Regional banks have experienced a difficult year, with the SPDR S&P Regional Bank ETF (KRE) declining by almost 13% and the majority of its members showing negative performance in 2024. New York Community Bancorp stands out as the ETF’s biggest laggard, with a significant drop of over 71%. Other institutions such as Metropolitan Bank Holding Corp, Kearny Financial, Columbia Banking System, and Valley National Bancorp have also seen declines of more than 30%. The overarching concern is the possibility of another shock to uninsured deposits in the event of a bank failure, posing a significant challenge for regional banks.
The recent increase in the benchmark 10-year Treasury note yield to over 4.6% has raised further alarm for regional banks. Bair has pointed out that higher yields could place additional stress on commercial real estate borrowers, a sector where regional banks have substantial exposure. The impending refinancing of commercial real estate loans coupled with rising interest rates could lead to increased borrower distress, affecting loan repayments and overall financial stability.
Opportunities for Larger Financial Institutions
Despite the challenges faced by regional banks, Bair notes that the distress of these institutions can potentially benefit larger money center banks. The shift of business from struggling regional banks to larger financial institutions could create opportunities for the latter to expand their market share and operations. This dynamic highlights the interconnectedness of the financial sector and the potential ripple effects of vulnerabilities within specific segments.

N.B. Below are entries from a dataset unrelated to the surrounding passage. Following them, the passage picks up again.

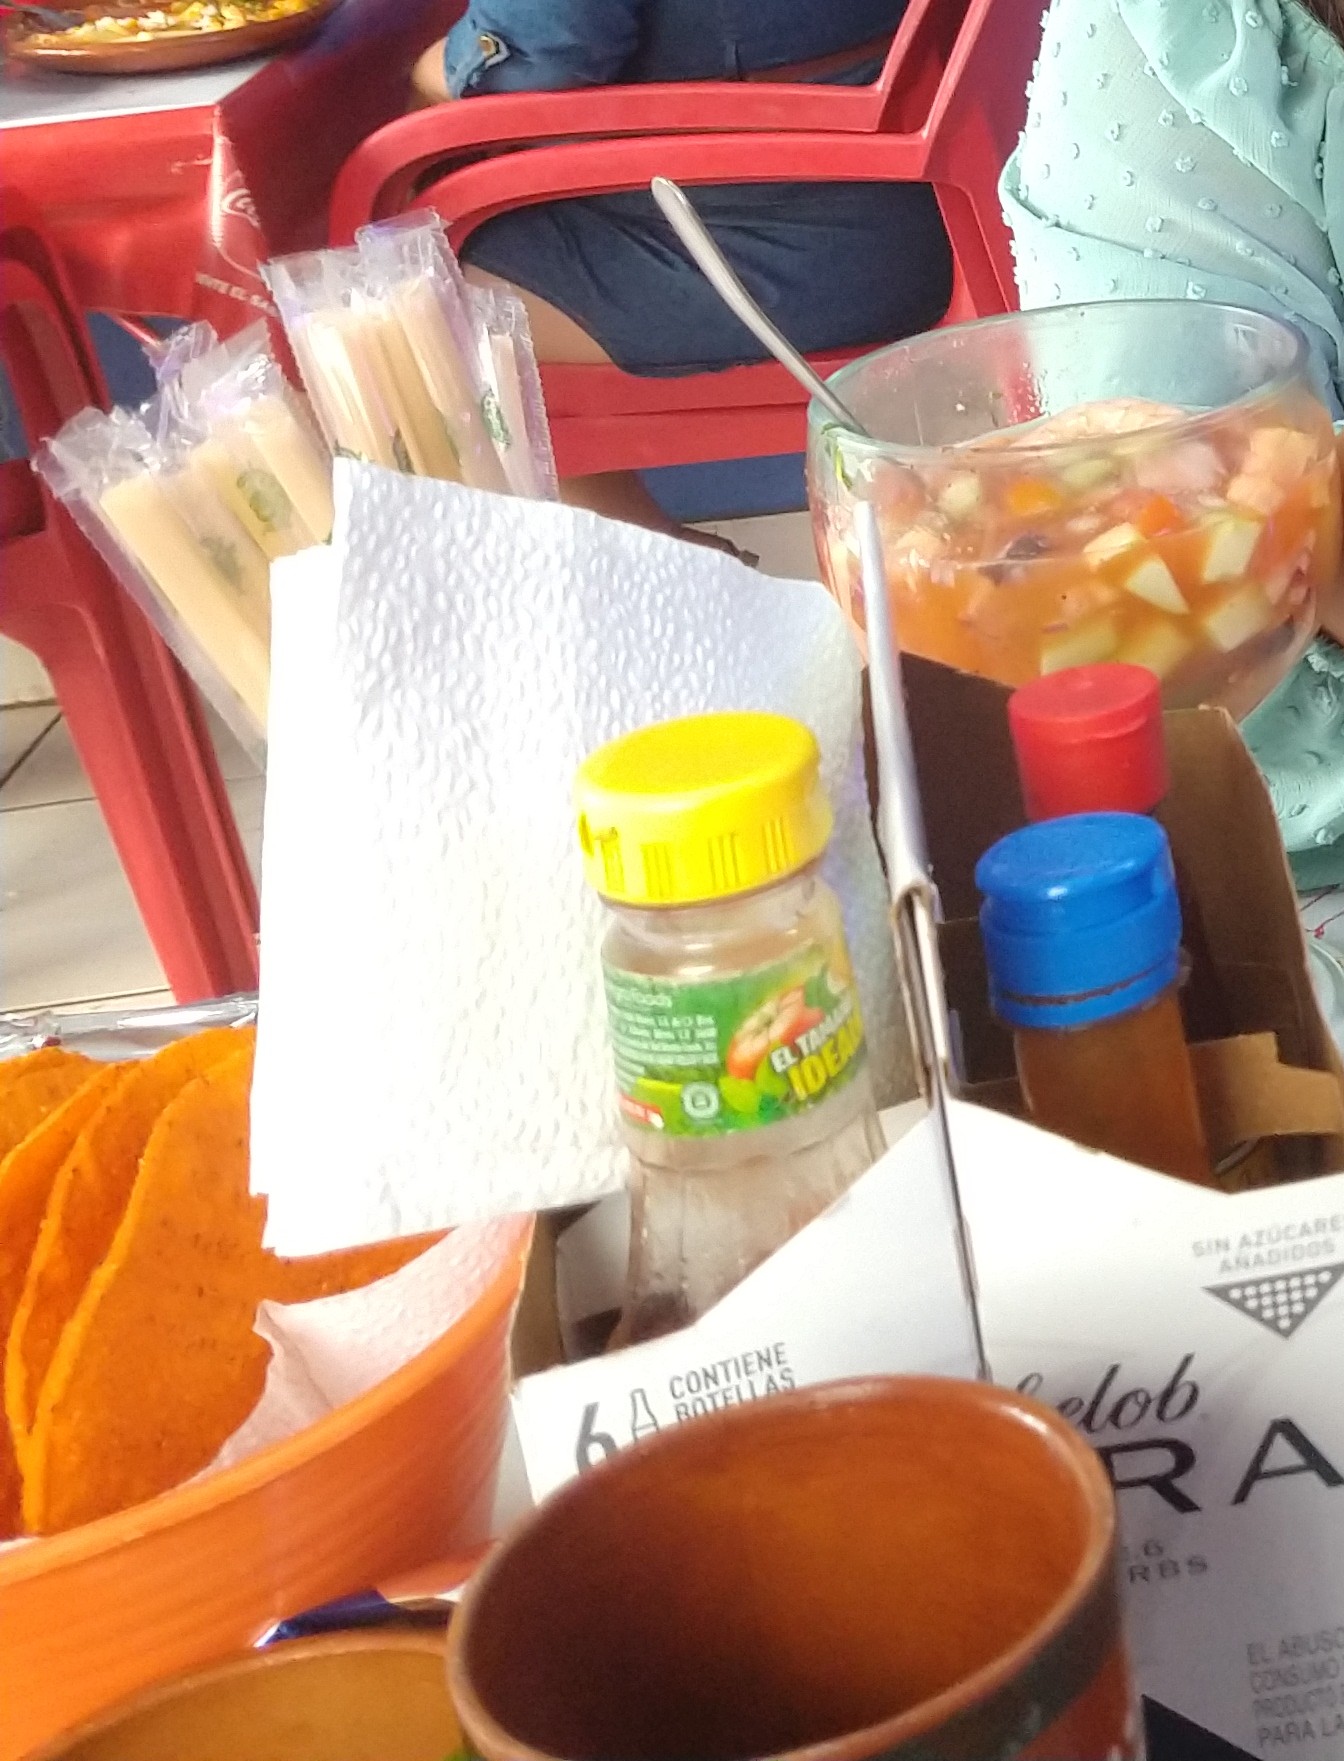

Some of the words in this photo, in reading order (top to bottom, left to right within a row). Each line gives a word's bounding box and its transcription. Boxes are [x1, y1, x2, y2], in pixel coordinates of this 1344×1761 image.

[771, 1046, 798, 1073] EL
[1192, 1238, 1231, 1257] SIN
[1219, 1237, 1336, 1274] AÑADIDOS
[669, 1342, 788, 1400] CONTIENE
[1017, 1352, 1200, 1434] elob
[576, 1401, 617, 1475] 6
[1128, 1555, 1208, 1583] RBS
[1247, 1642, 1271, 1665] EL
[1251, 1656, 1340, 1694] CONSUMO
[1257, 1718, 1316, 1748] PARA

The concerns raised by Sheila Bair regarding regional banks highlight the fragilities within the financial sector. By addressing issues such as reliance on industry deposits, exposure to commercial real estate, and the stability of uninsured deposits, regional banks can work towards strengthening their resilience. Additionally, the potential impact of rising Treasury yields underscores the importance of proactive risk management strategies. As regional banks navigate these challenges, collaboration with regulatory bodies and larger financial institutions could offer support and foster greater stability within the overall financial landscape.